▶ Task objective
What the answer must contain is every line of the records, exactly, with no pictures.

++++ Data to examine ++++

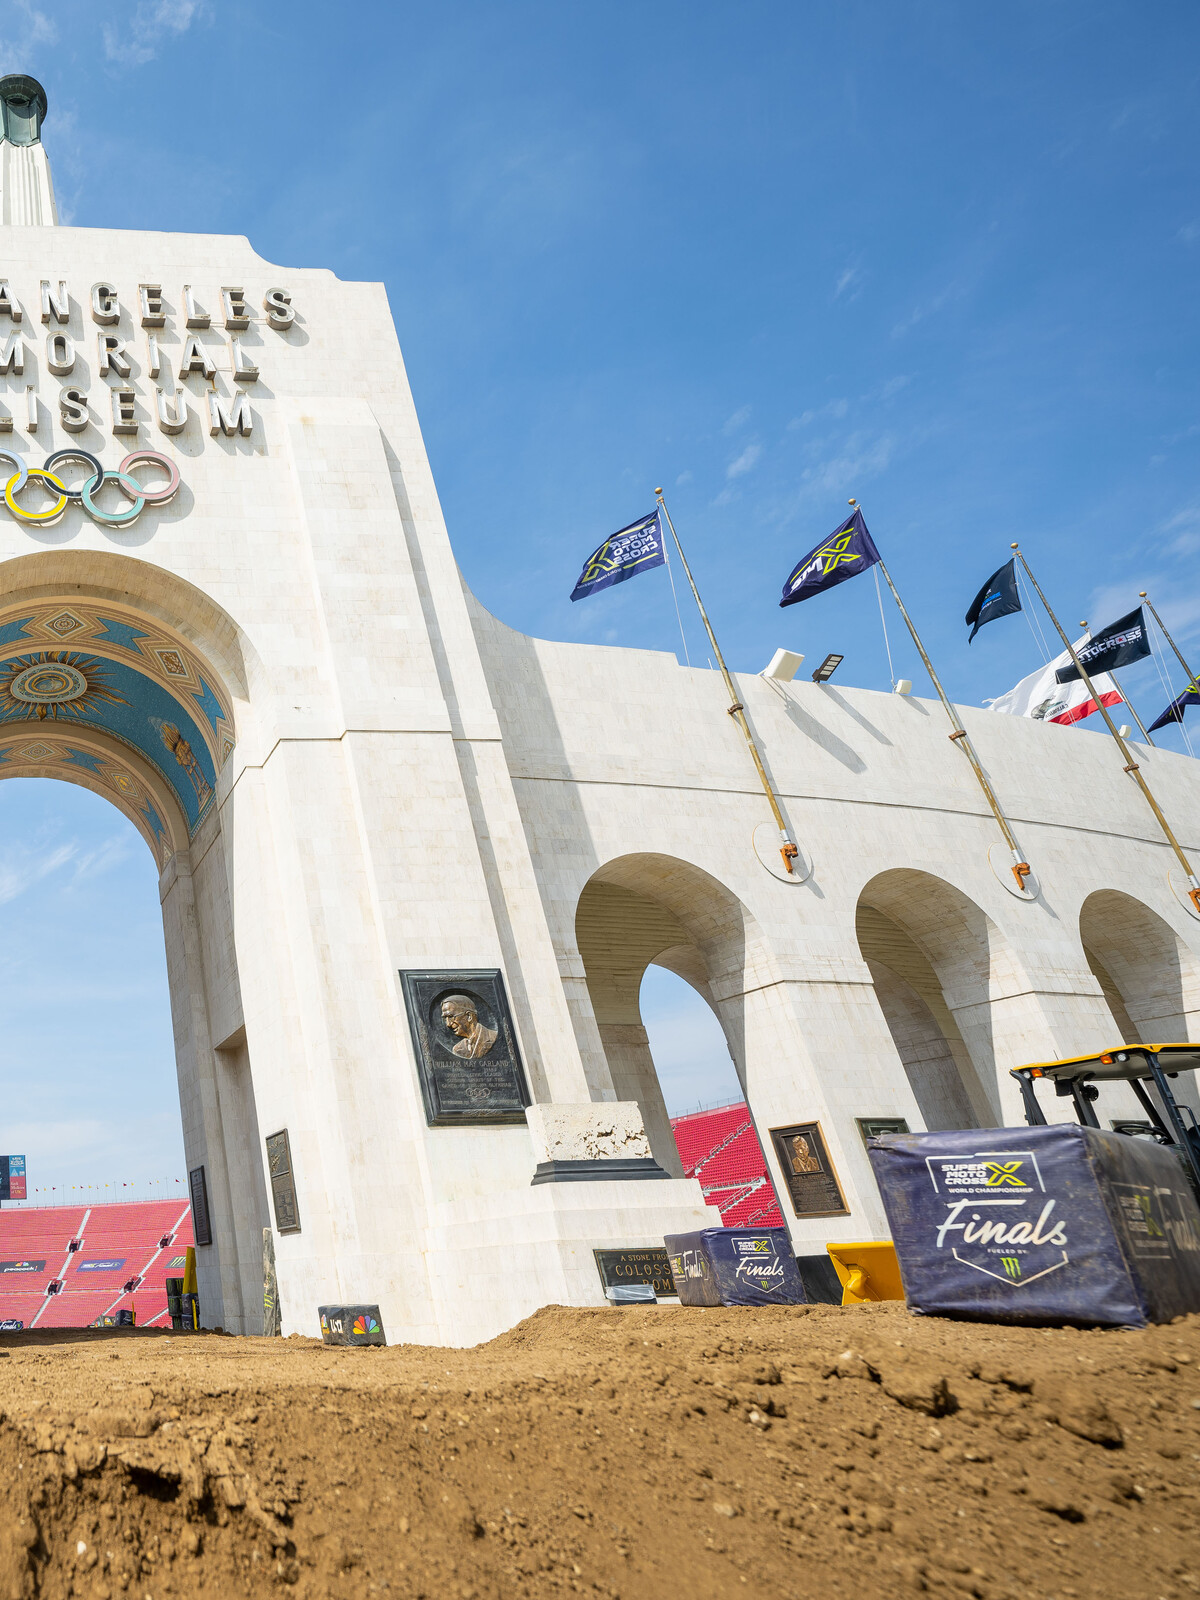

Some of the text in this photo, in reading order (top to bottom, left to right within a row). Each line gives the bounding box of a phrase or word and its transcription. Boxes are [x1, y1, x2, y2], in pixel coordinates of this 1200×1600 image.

[941, 1164, 987, 1172] SUPER
[936, 1198, 1068, 1248] Finals
[652, 1253, 669, 1261] FRO
[615, 1264, 671, 1277] COLOSS
[736, 1256, 784, 1278] Finals

++++

▶ Task solution
Some of the text in this photo, in reading order (top to bottom, left to right within a row). Each line gives the bounding box of a phrase or word and its transcription. Boxes are [x1, y1, x2, y2], in pixel coordinates of this 1200×1600 image.

[941, 1164, 987, 1172] SUPER
[936, 1198, 1068, 1248] Finals
[652, 1253, 669, 1261] FRO
[615, 1264, 671, 1277] COLOSS
[736, 1256, 784, 1278] Finals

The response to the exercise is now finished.